:: Supplied information
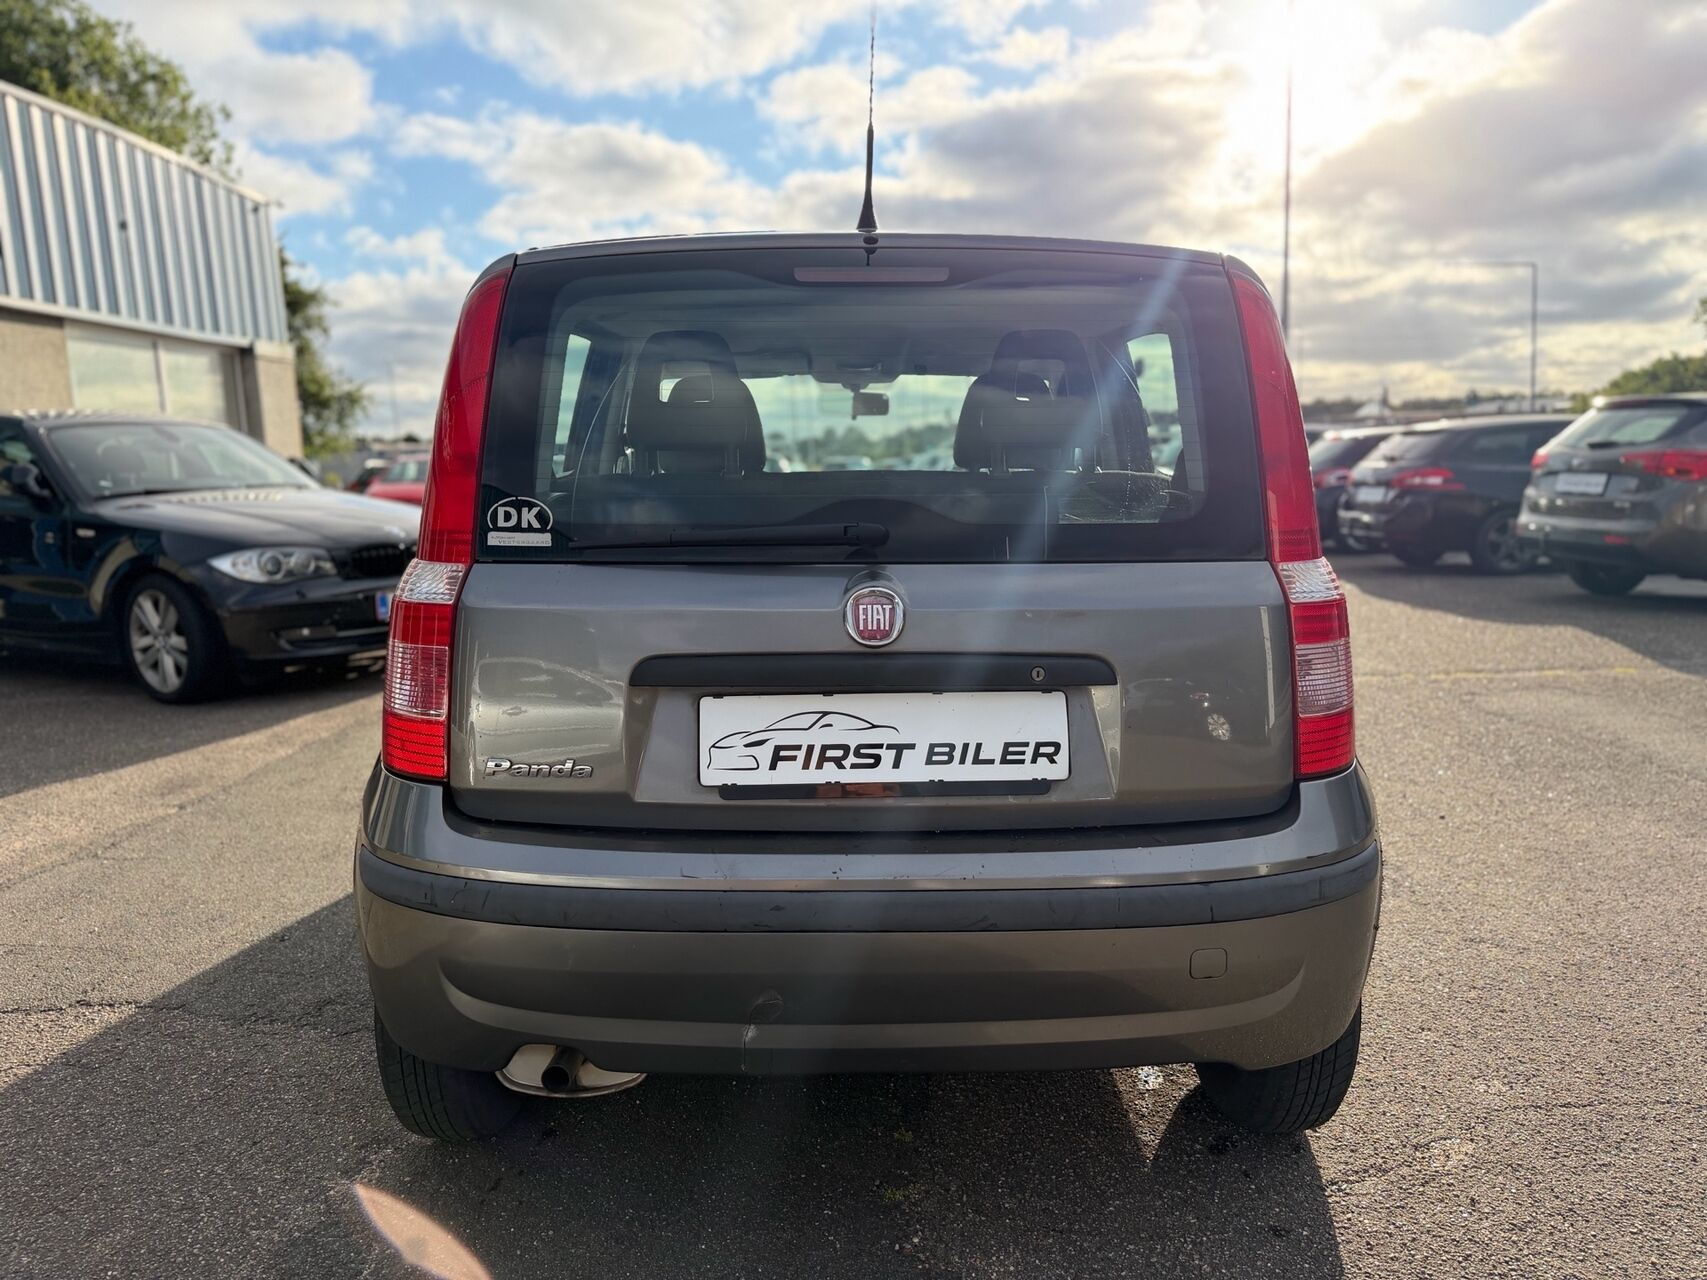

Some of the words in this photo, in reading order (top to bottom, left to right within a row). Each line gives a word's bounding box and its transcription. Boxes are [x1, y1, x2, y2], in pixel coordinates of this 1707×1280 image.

[497, 506, 541, 528] DK
[859, 604, 892, 630] FIAT
[485, 758, 592, 777] Panda
[768, 743, 916, 771] FIRST
[925, 740, 1062, 766] BILER
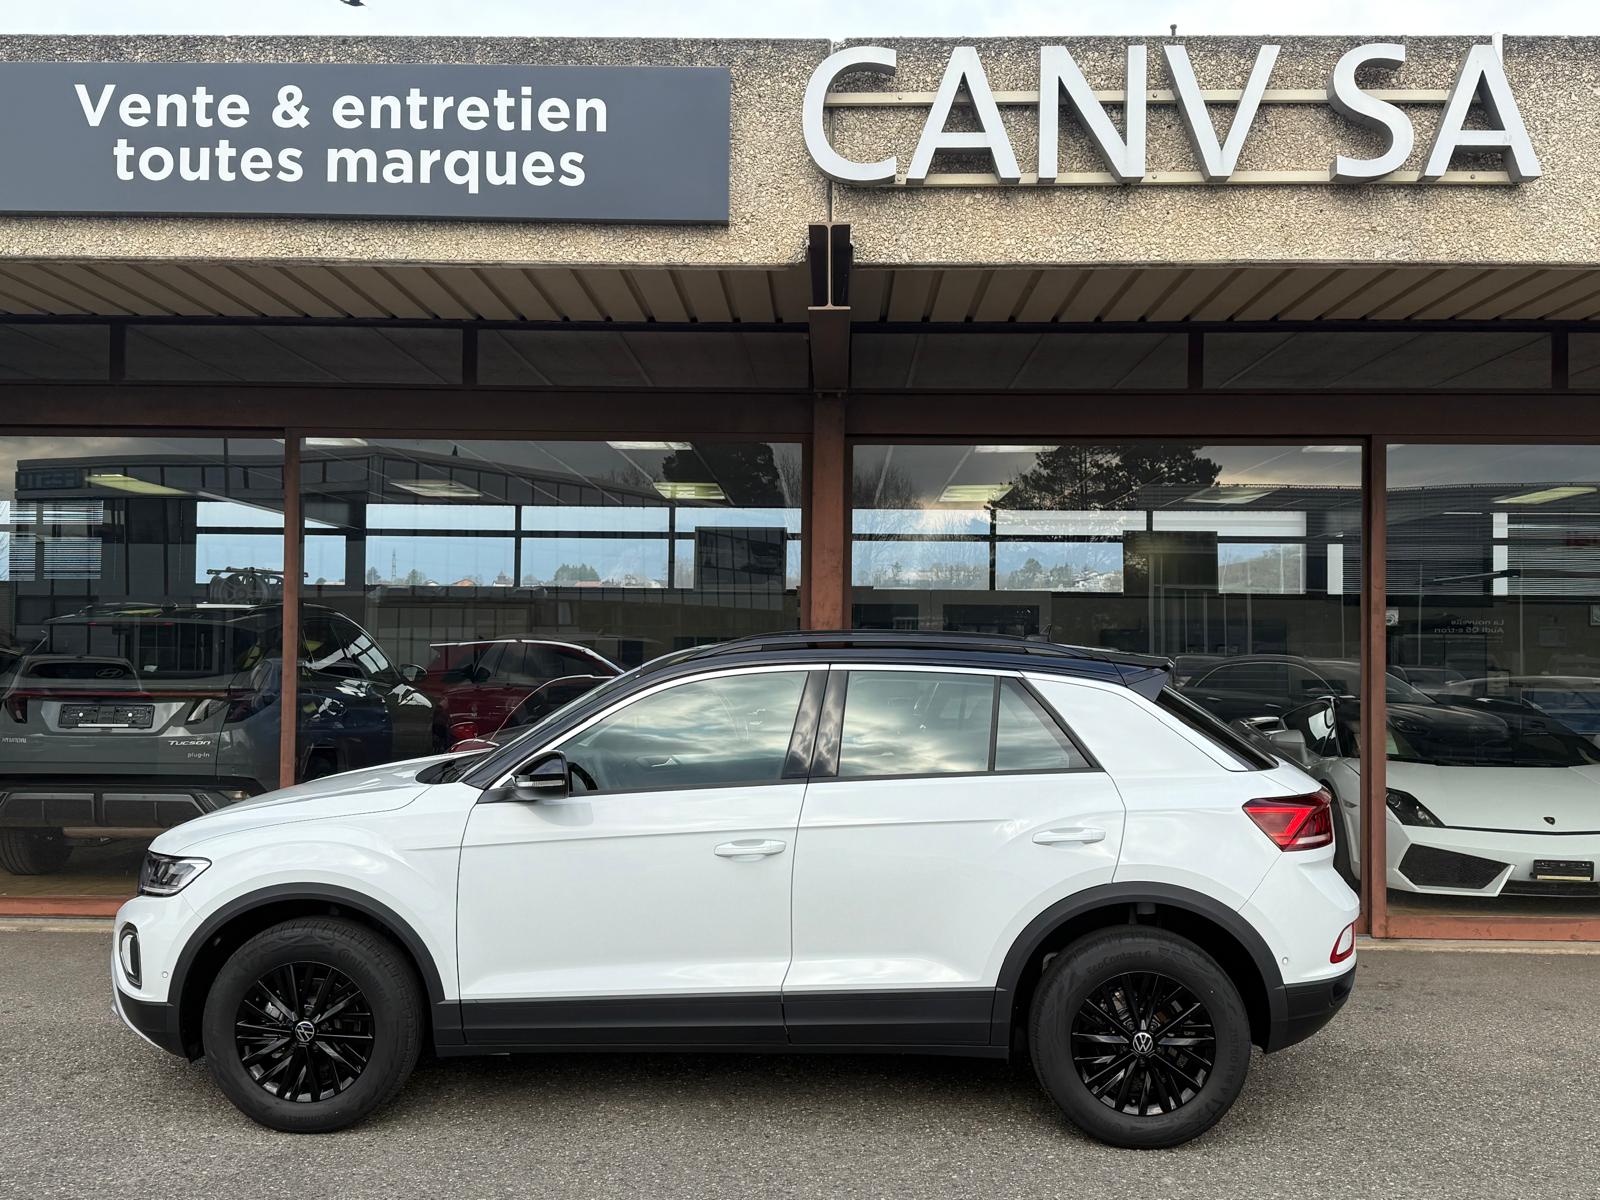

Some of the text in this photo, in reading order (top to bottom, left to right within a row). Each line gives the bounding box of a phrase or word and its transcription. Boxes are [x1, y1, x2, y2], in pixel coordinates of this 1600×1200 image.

[74, 84, 607, 132] Vente & entretien
[803, 44, 1541, 184] CANV SA
[113, 138, 586, 194] toutes marques
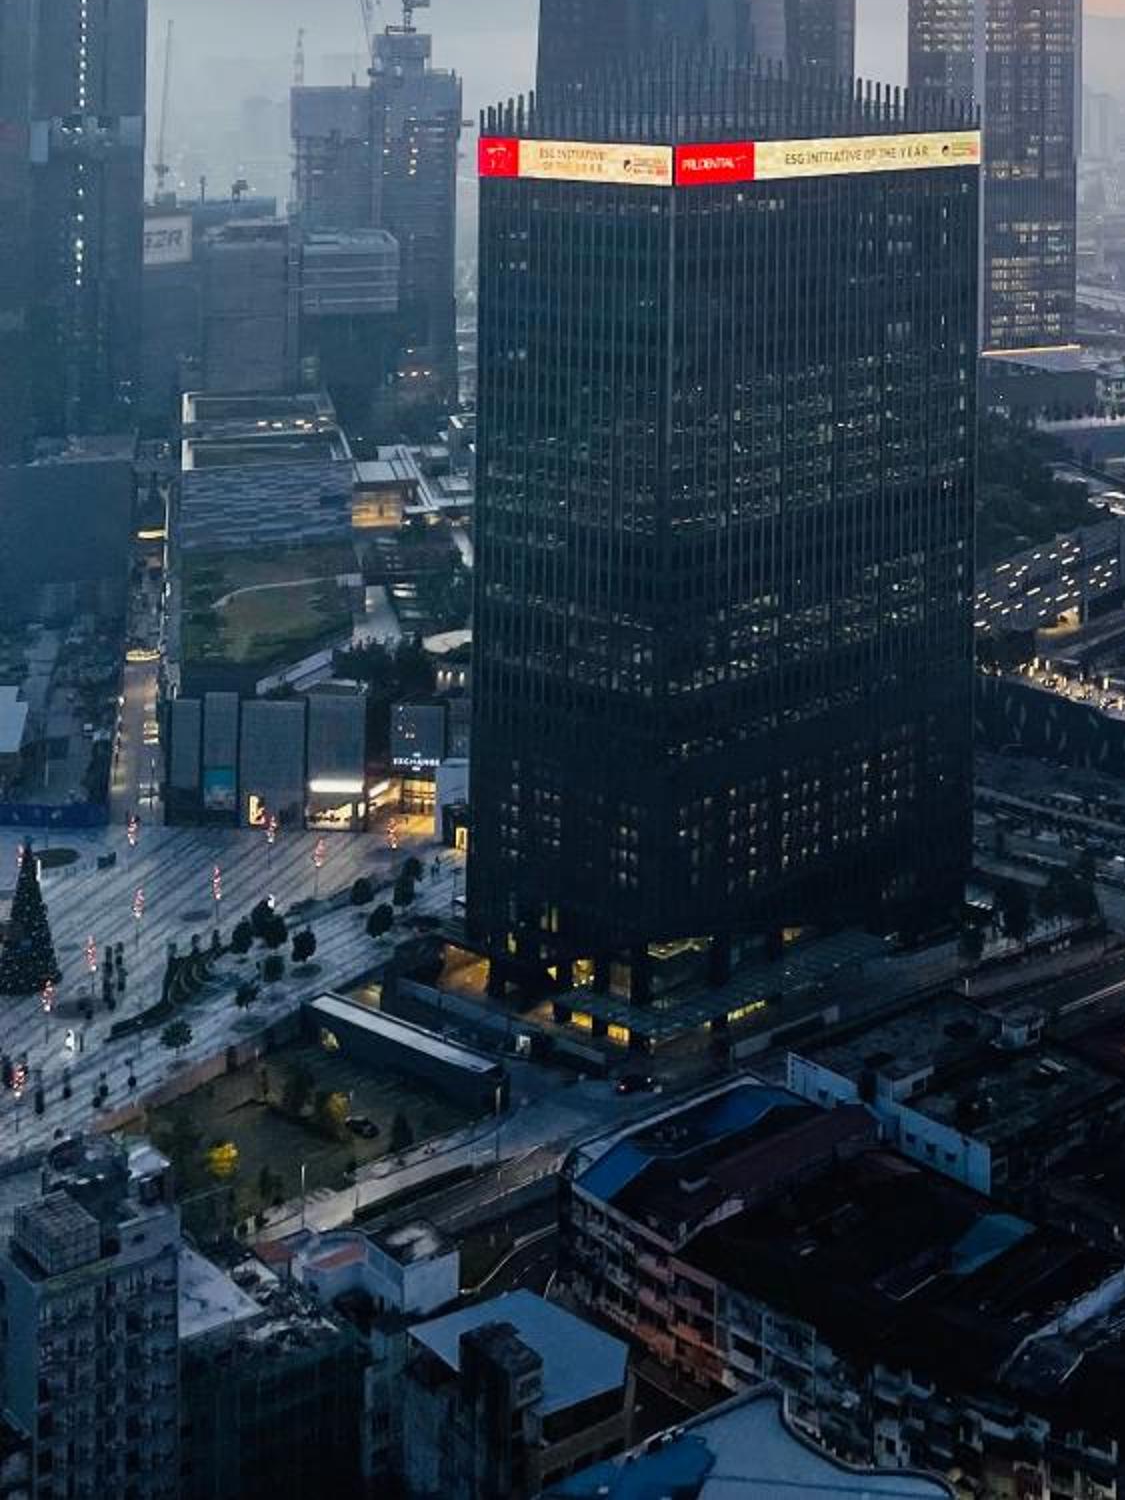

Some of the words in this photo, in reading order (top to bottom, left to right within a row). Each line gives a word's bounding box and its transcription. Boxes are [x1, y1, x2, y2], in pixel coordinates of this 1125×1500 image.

[681, 156, 736, 171] PRUDENTIAL
[785, 152, 804, 165] ESG
[807, 149, 861, 163] INITIATIVE
[864, 148, 876, 159] OF
[879, 147, 897, 159] THE
[900, 145, 928, 158] YEAR
::::
**The task:** Your copy of the records above should be exact and contain no pictures.

**Answer to this problem:**
Some of the words in this photo, in reading order (top to bottom, left to right within a row). Each line gives a word's bounding box and its transcription. Boxes are [x1, y1, x2, y2], in pixel coordinates of this 1707×1280 image.

[497, 506, 541, 528] DK
[859, 604, 892, 630] FIAT
[485, 758, 592, 777] Panda
[768, 743, 916, 771] FIRST
[925, 740, 1062, 766] BILER

Some of the text in this photo, in reading order (top to bottom, left to right within a row). Each line gives the bounding box of a phrase or word and its transcription. Boxes are [x1, y1, x2, y2], in pixel coordinates of this 1600×1200 image.

[74, 84, 607, 132] Vente & entretien
[803, 44, 1541, 184] CANV SA
[113, 138, 586, 194] toutes marques

Some of the words in this photo, in reading order (top to bottom, left to right within a row). Each line gives a word's bounding box and its transcription. Boxes are [x1, y1, x2, y2], in pixel coordinates of this 1125×1500 image.

[681, 156, 736, 171] PRUDENTIAL
[785, 152, 804, 165] ESG
[807, 149, 861, 163] INITIATIVE
[864, 148, 876, 159] OF
[879, 147, 897, 159] THE
[900, 145, 928, 158] YEAR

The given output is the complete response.